Patryk Szewczyk

Using Traffic Analysis to Identify the Second Generation Onion Router

Anonymous networks provide security for users by obfuscating messages with encryption and hiding communications amongst cover traffic provided by other network participants. The traditional goal of academic research into these networks has been attacks that aim to uncover the identity of network users. But the success of an anonymous network relies not only on its technical capabilities, but on adoption by a large enough user base to provide adequate cover traffic. If anonymous network nodes can be identified, the users can be harassed, discouraging participation. Tor is an example of widely used anonymous network which uses a form of Onion Routing to provide low latency anonymous communications. This paper demonstrates that traffic from a simulated Tor network can be distinguished from regular encrypted traffic, suggesting that real world Tor users may be vulnerable to the same analysis.

Insecurity by Obscurity: A Review of SoHo Router Literature from a Network Security Perspective

Because of prevalent threats to SoHo based ADSL Routers, many more devices are compromised. Whilst an end-user may be at fault for not applying the appropriate security mechanisms to counter these threats, vendors should equally share the blame. This paper reveals that the lack of security related content and poor overall design could impact on end-users’ interpretation and willingness to implement security controls on their ADSL router. It argues that whilst the number of threats circulating the Internet is increasing, vendors are not improving their product literature.

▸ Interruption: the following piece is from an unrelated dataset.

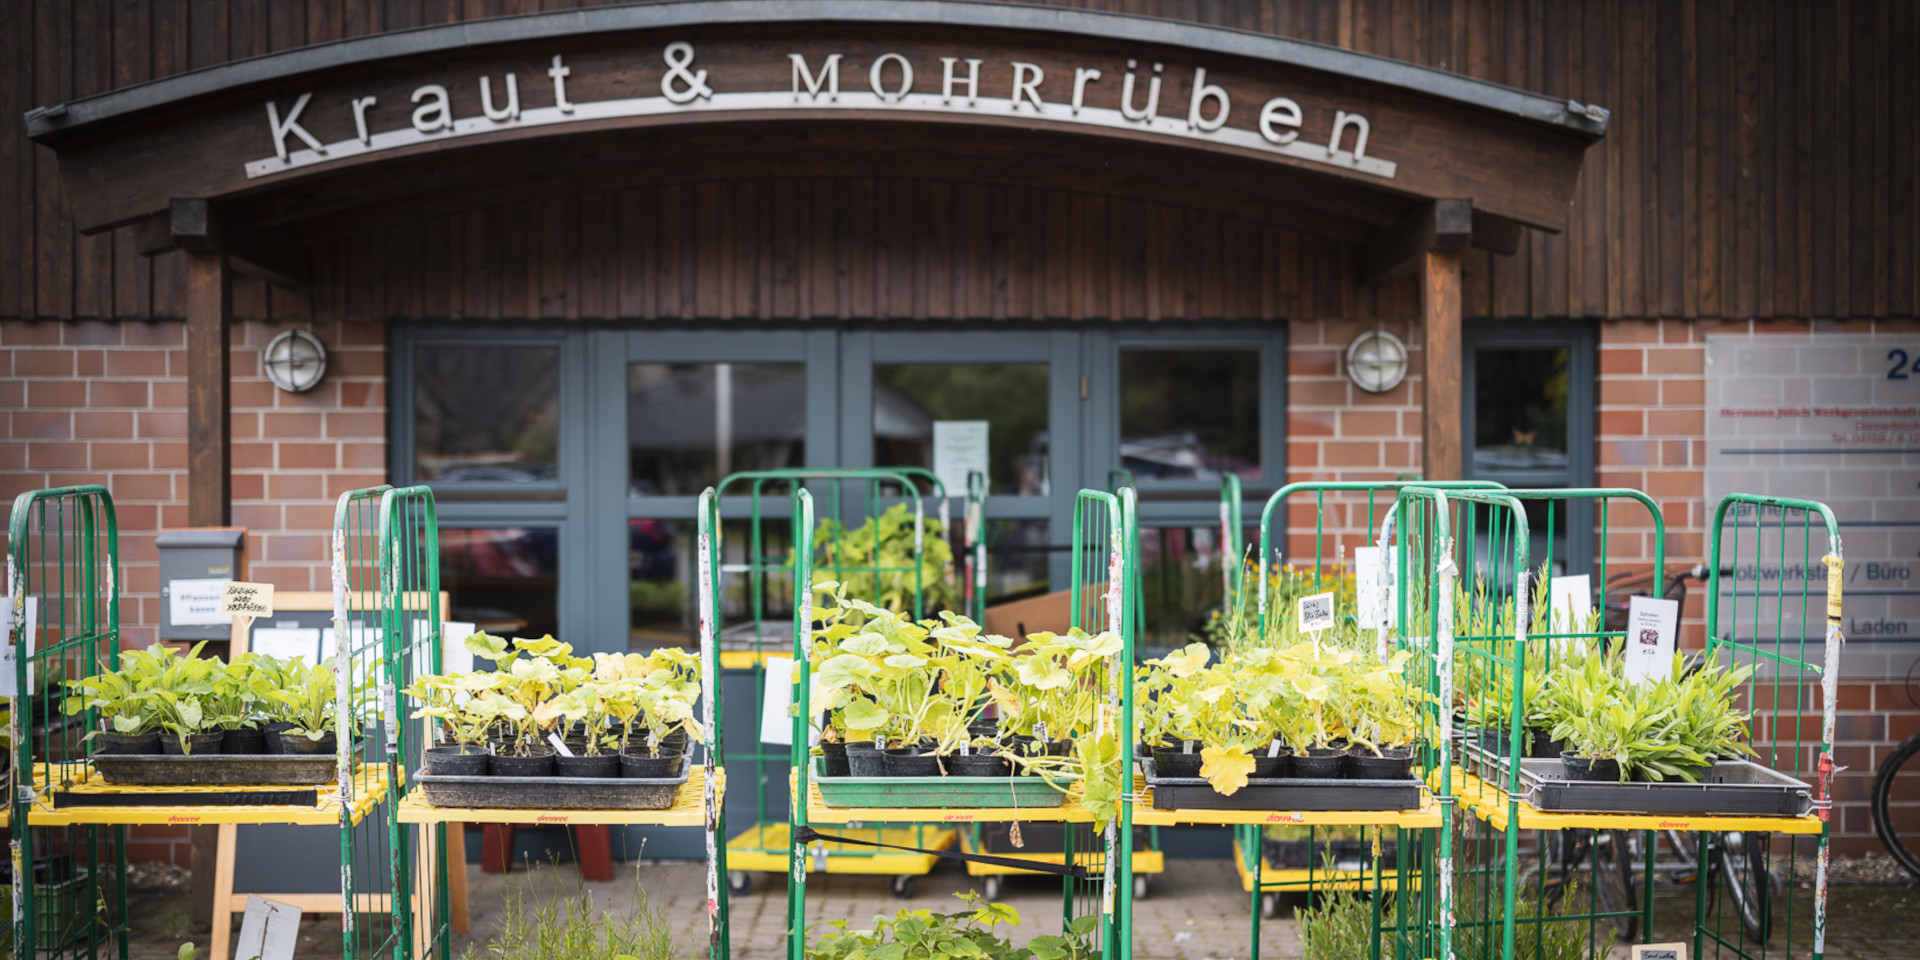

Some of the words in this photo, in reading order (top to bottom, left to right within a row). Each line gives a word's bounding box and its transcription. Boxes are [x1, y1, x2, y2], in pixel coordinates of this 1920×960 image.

Ignorant Experts: Computer and Network Security Support from Internet Service Providers

The paper examines the advice and support provided by seven major Internet Service Providers in Australia through late 2009 and early 2010 in relation to computer and network security. Previous research has indicated that many end-users will attempt to utilise the support provided by Internet Service Providers as a simple and effective method by which to obtain key information in regards to computer security. This paper demonstrates that in many cases the individuals working at the help desk are either reluctant to provide IT security support or have insufficient skill to provide the correct information.

Usability of Internet Security Software: Have they got it right?

Security software usability has been an ongoing issue for end-users. Whilst manufactures have focused on making computers and operating systems more usable, the same cannot be said for security software. Whilst the number of threats continues to escalate, end-users are left attempting to implement a security solution on their own. Previous research has shown that users are unaware of Internet threats and do not know where to start with mitigation. This paper demonstrates that in 2011, Internet Security Software is gradually becoming more usable, although there are key elements which still require improvements. This paper shows the strengths and weaknesses of current security software, and proposes a series of solutions that software vendors should consider in future releases.

Analysis of Data Remaining on Second Hand ADSL Routers

In theory an ADSL router is capable of providing immense security capabilities including but not limited to wireless encryption, denial of service prevention through firewall rule sets, and logging facilities for review or analysis of network events. However, most laymen may be unaware of the intricacies of the security measures available to them. As a result a vast array of information could remain on ADSL routers once the device is sold, including the users’ approach to security, Internet usage habits, or more importantly confidential user or account information. This paper presents the findings of data acquired from second hand ADSL routers purchased during the first quarter of 2011. The outcomes demonstrate that individuals are not removing their identity adequately and are leaving confidential data which may lead to detrimental outcomes if misused. The paper also demonstrates that the overall security of these devices is alarmingly low, and thus many consumers may fall victim to new and emergent Internet based crimes.